Q: Qui sont ses électeurs ?

R: "Ce sont d'abords des hommes, avec un faible niveau d'instruction, surreprésentés dans la classe ouvrière mais aussi dans la classe moyenne, auto-entrepreneurs. Ce qui définit ces électeurs en termes d'attitude politique c'est qu'ils souhaitent une réduction de l'immigration et qu'ils voient l'immigration comme une menace économique et culturelle. Ils ont aussi moins confiance dans les institutions politiques et les médias de masse (...). Ils ne parviennent pas à attirer les femmes et cela fait partie de leur stratégie principale, attirer les femmes de la classe ouvrière, d'où leur emphase sur les problèmes du système de santé (...). La plupart d'entre eux étaient des électeurs conservateurs ou sociaux-démocrates".

Q: On voit émerger un vote d'extrême droite chez les personnes nées à l'étranger, évalué à un peu plus de 10%.
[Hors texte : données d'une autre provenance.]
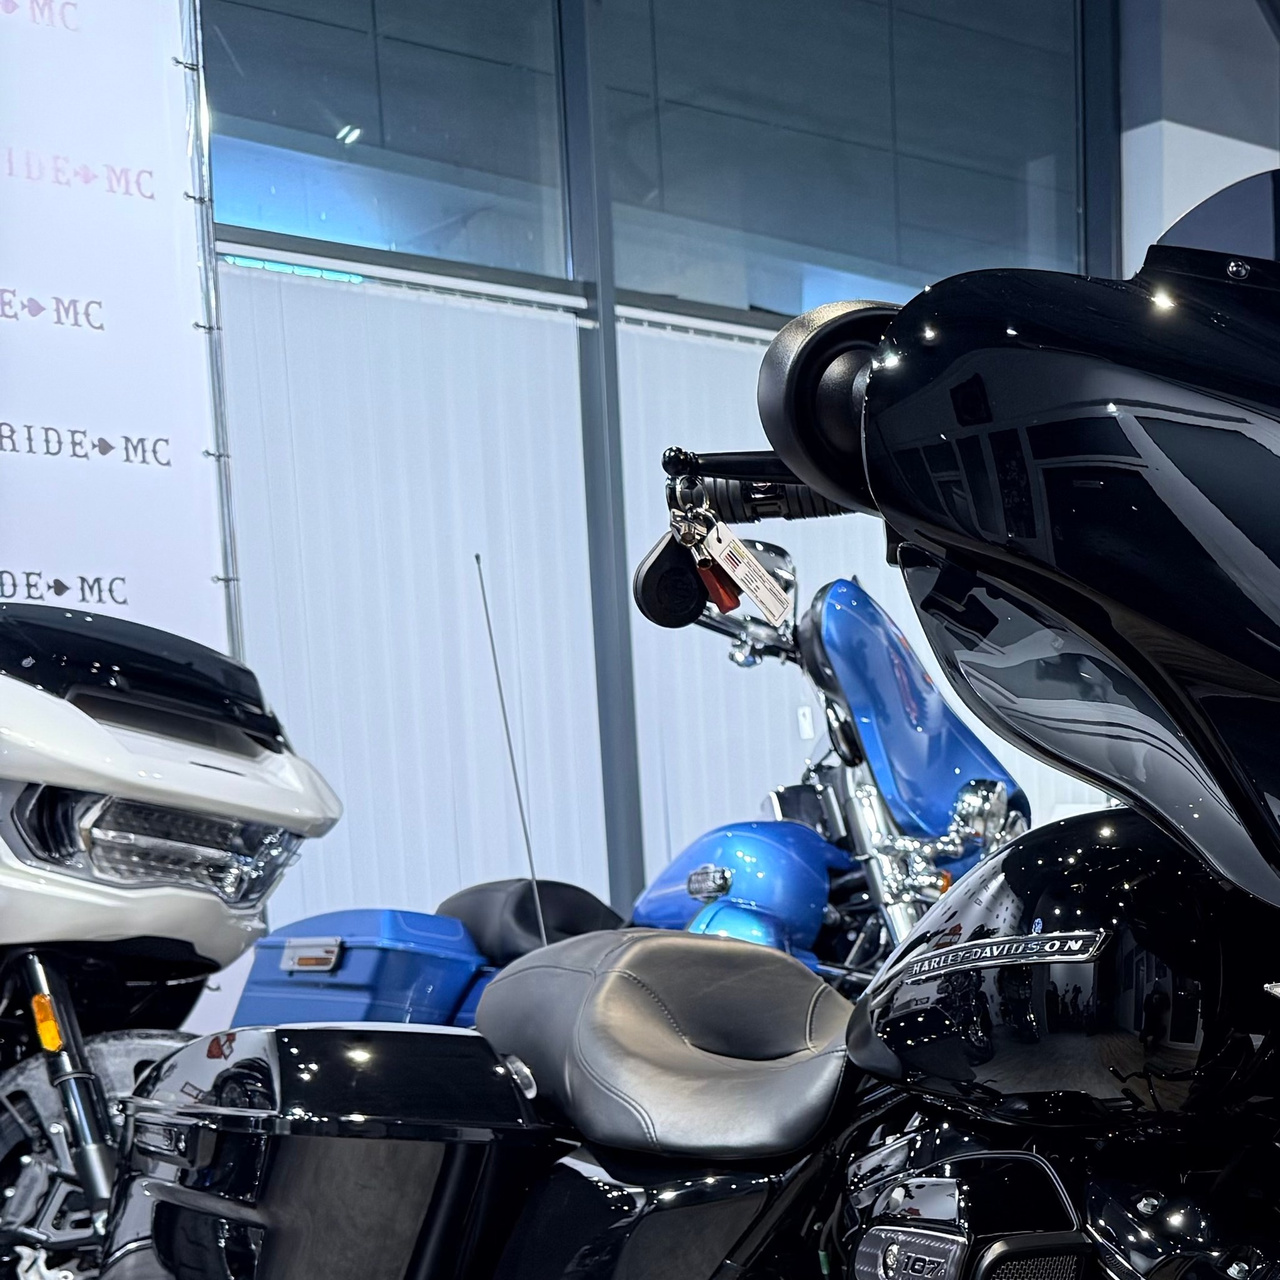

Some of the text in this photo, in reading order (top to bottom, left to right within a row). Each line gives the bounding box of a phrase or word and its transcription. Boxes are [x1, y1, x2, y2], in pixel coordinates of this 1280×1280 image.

R: "Cela s'explique par le fait que les SD mobilisent avant tout contre les immigrés extra-européens, or nombre d'immigrés plus anciens en Suède viennent, eux, d'Europe (ex-Yougoslavie notamment, NDLR). Mais les statistiques à ce sujet font défaut. Par ailleurs ils présentent les mêmes caractéristiques démographiques que d'autres groupes d'électeurs (...). Nous avons demandé aux électeurs (d'extrême droite) quel pourcentage d'immigrés ou de personnes nées à l'étranger vivent en Suède. La plupart était incapable de répondre mais quand on leur demandait combien d'après eux étaient nés au Moyen-Orient, leur estimation était en moyenne 2,5 fois supérieure à la vérité".